Dylan DelCol, Reporter

The identity of the mysterious first passenger aboard SpaceX’s private space venture has been revealed: Japanese internet commerce billionaire Yusaku Maezawa.

SpaceX founder Elon Musk personally made the announcement at a televised press conference on Monday, held on the construction floor of SpaceX’s Hawthorne, CA rocket assembly building where the rocket will be constructed to take Maezawa and his crew around the moon.

Maezawa will ride aboard SpaceX’s two-stage Big Falcon Rocket (BFR). The cost of his ticket will be put towards the estimated $5 billion cost of developing the rocket.

The 42-year-old online retail mogul has been an emphatic collector of art, reportedly spending $80 million on paintings by painters Pablo Picasso and Jean-Michel Basquait in 2016.
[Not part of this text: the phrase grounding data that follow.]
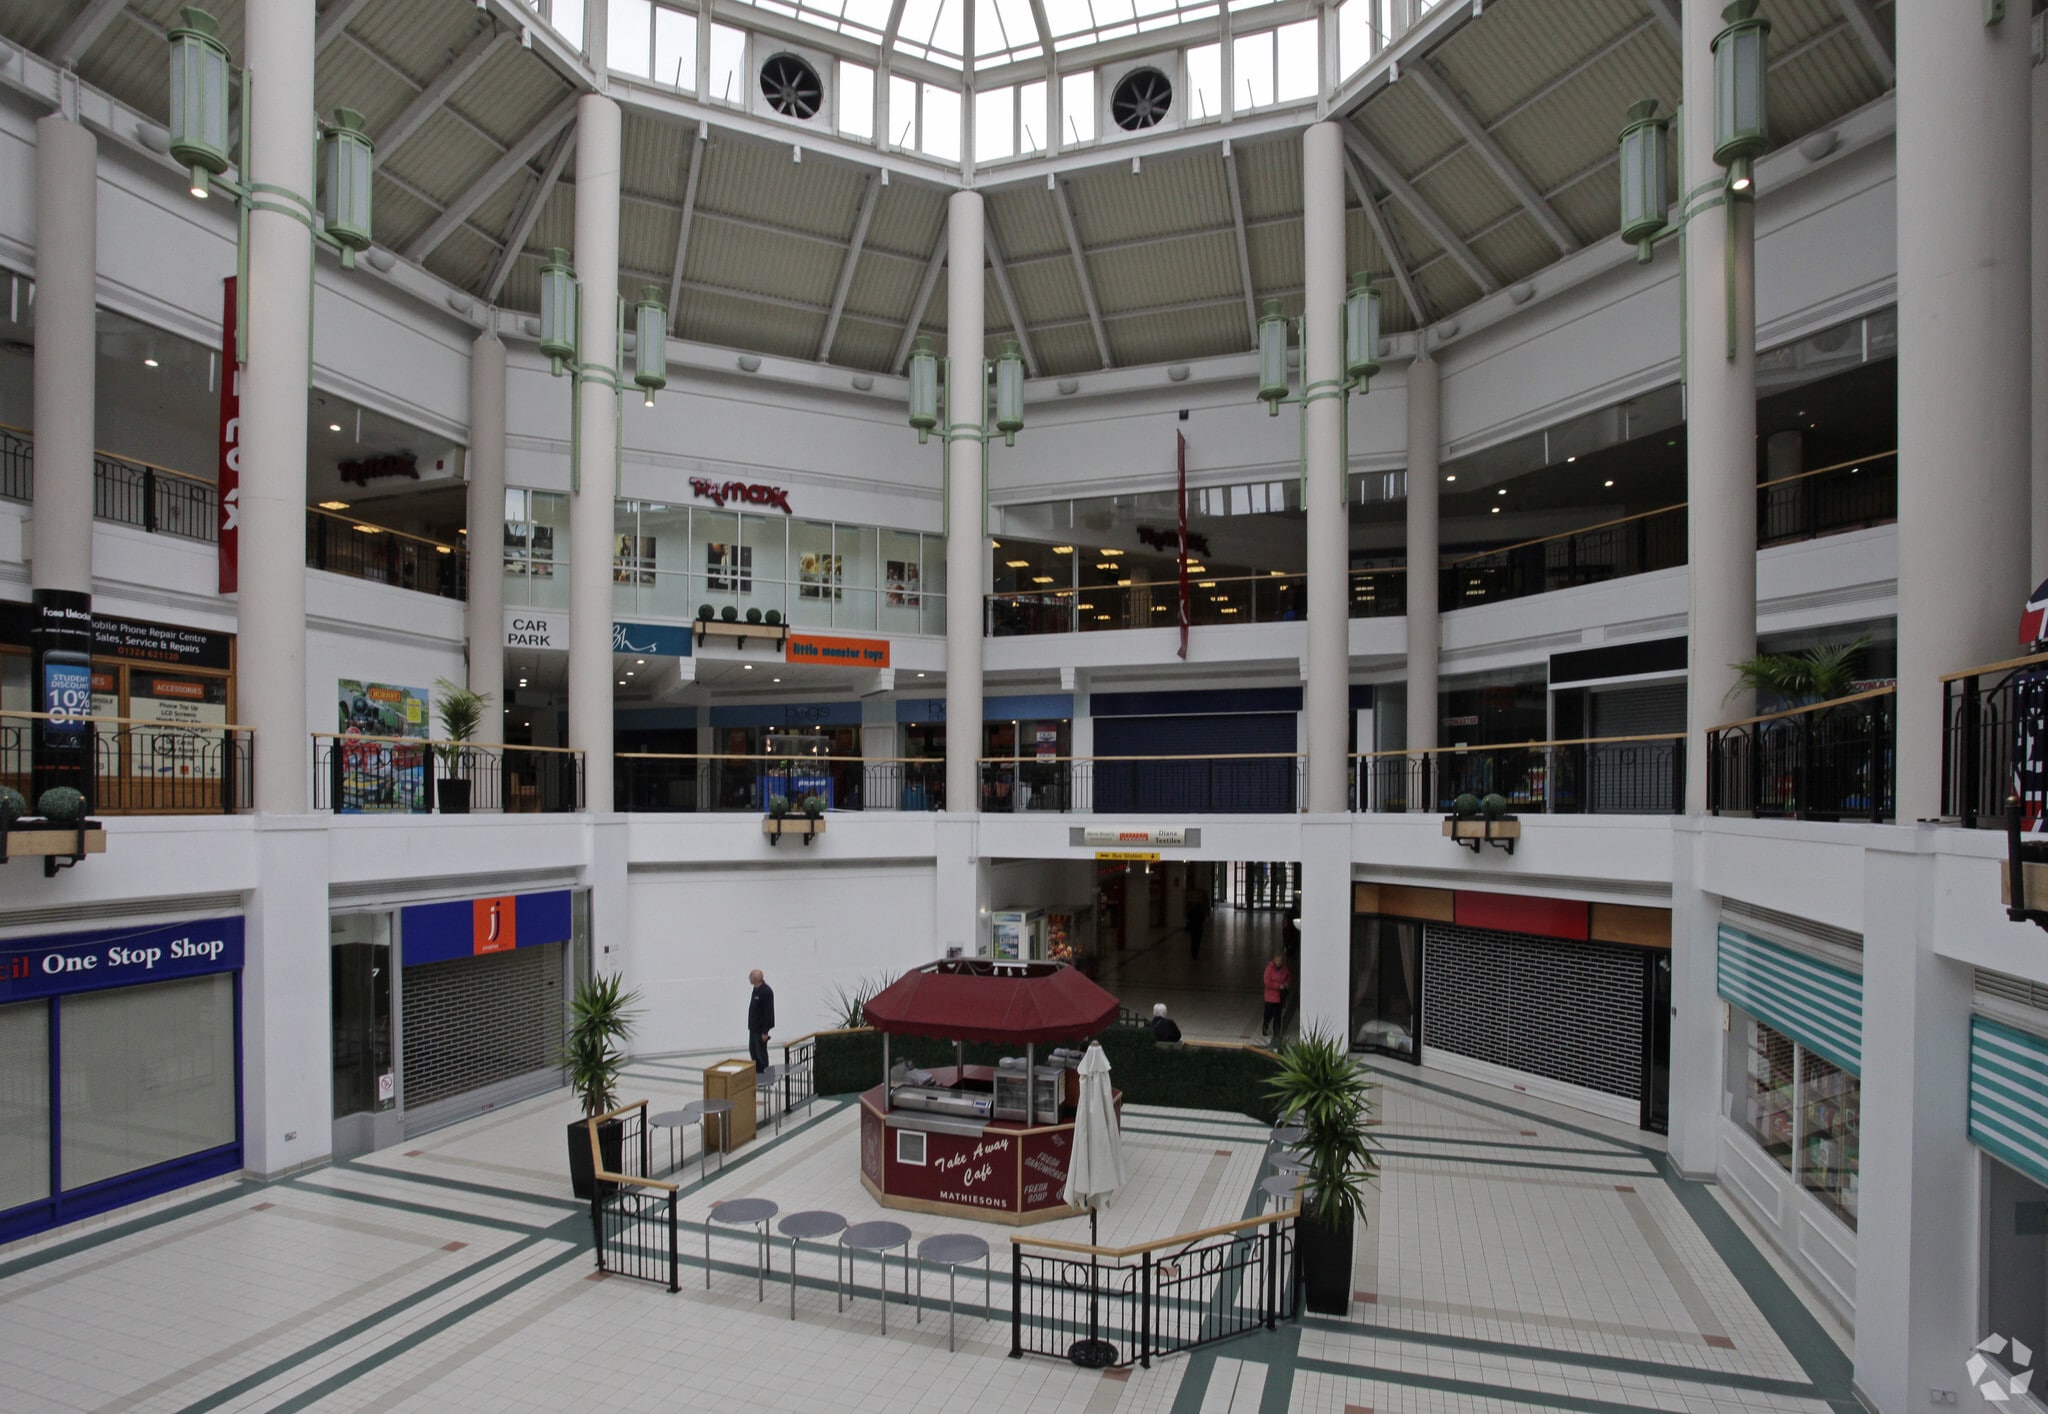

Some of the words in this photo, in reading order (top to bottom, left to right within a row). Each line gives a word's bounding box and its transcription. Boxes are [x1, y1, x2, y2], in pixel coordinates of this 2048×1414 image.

[120, 623, 147, 635] Phone
[149, 627, 177, 640] Repair
[179, 631, 207, 643] Centre
[512, 618, 547, 632] CAR
[95, 632, 123, 645] Sales,
[126, 635, 158, 648] Service
[160, 641, 167, 649] &
[170, 641, 200, 654] Repairs
[507, 633, 550, 647] PARK
[793, 642, 818, 655] little
[822, 647, 860, 659] monster
[864, 648, 884, 663] toys
[51, 681, 89, 690] DISCOUNT
[53, 673, 89, 683] STUDENT
[49, 689, 90, 709] 10%
[156, 683, 202, 695] ACCESSORIES
[48, 706, 90, 726] OFF
[42, 953, 97, 974] One
[108, 946, 161, 969] Stop
[170, 937, 224, 961] Shop
[934, 1152, 967, 1173] Take
[973, 1139, 1009, 1161] Away
[963, 1162, 993, 1187] Café
[940, 1190, 1007, 1208] MATHIESONS
“I choose to go to the moon… with artists!” said Maezawa, parroting former president John F. Kennedy’s famous moonshot speech. Maezawa plans to select eight artists from around the world who he thinks will be able to translate their experience into art.

Building upon the excitement surrounding the planned announcement, Musk unveiled new design plans for the shuttle that will carry crew aboard the BFR. He also announced dramatic progress on the massive carbon-fiber tanks to hold their cryogenic fuel and oxidizer.

Before the moon mission can take place, the rocket must be developed, certified as safe for human travel, and tested along the prospective trajectory to the moon several times. This lengthy process is expected to take at least five years, with the earliest estimated human flight taking place sometime in 2023.

In the meantime, Maezawa plans to select the artistically inclined passengers that will journey with him to the moon and back.